**YOUR OBJECTIVE:** Take every entry below and copy it out word for word.

# # #

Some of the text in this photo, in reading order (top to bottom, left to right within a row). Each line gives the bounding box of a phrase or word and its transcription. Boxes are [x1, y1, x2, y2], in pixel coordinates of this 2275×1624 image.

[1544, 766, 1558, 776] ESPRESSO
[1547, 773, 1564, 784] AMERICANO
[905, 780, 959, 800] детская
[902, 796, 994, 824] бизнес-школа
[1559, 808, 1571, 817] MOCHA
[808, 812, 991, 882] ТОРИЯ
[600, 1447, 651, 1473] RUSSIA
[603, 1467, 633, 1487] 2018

# # #

**ANSWER SECTION:**
Some of the text in this photo, in reading order (top to bottom, left to right within a row). Each line gives the bounding box of a phrase or word and its transcription. Boxes are [x1, y1, x2, y2], in pixel coordinates of this 2275×1624 image.

[1544, 766, 1558, 776] ESPRESSO
[1547, 773, 1564, 784] AMERICANO
[905, 780, 959, 800] детская
[902, 796, 994, 824] бизнес-школа
[1559, 808, 1571, 817] MOCHA
[808, 812, 991, 882] ТОРИЯ
[600, 1447, 651, 1473] RUSSIA
[603, 1467, 633, 1487] 2018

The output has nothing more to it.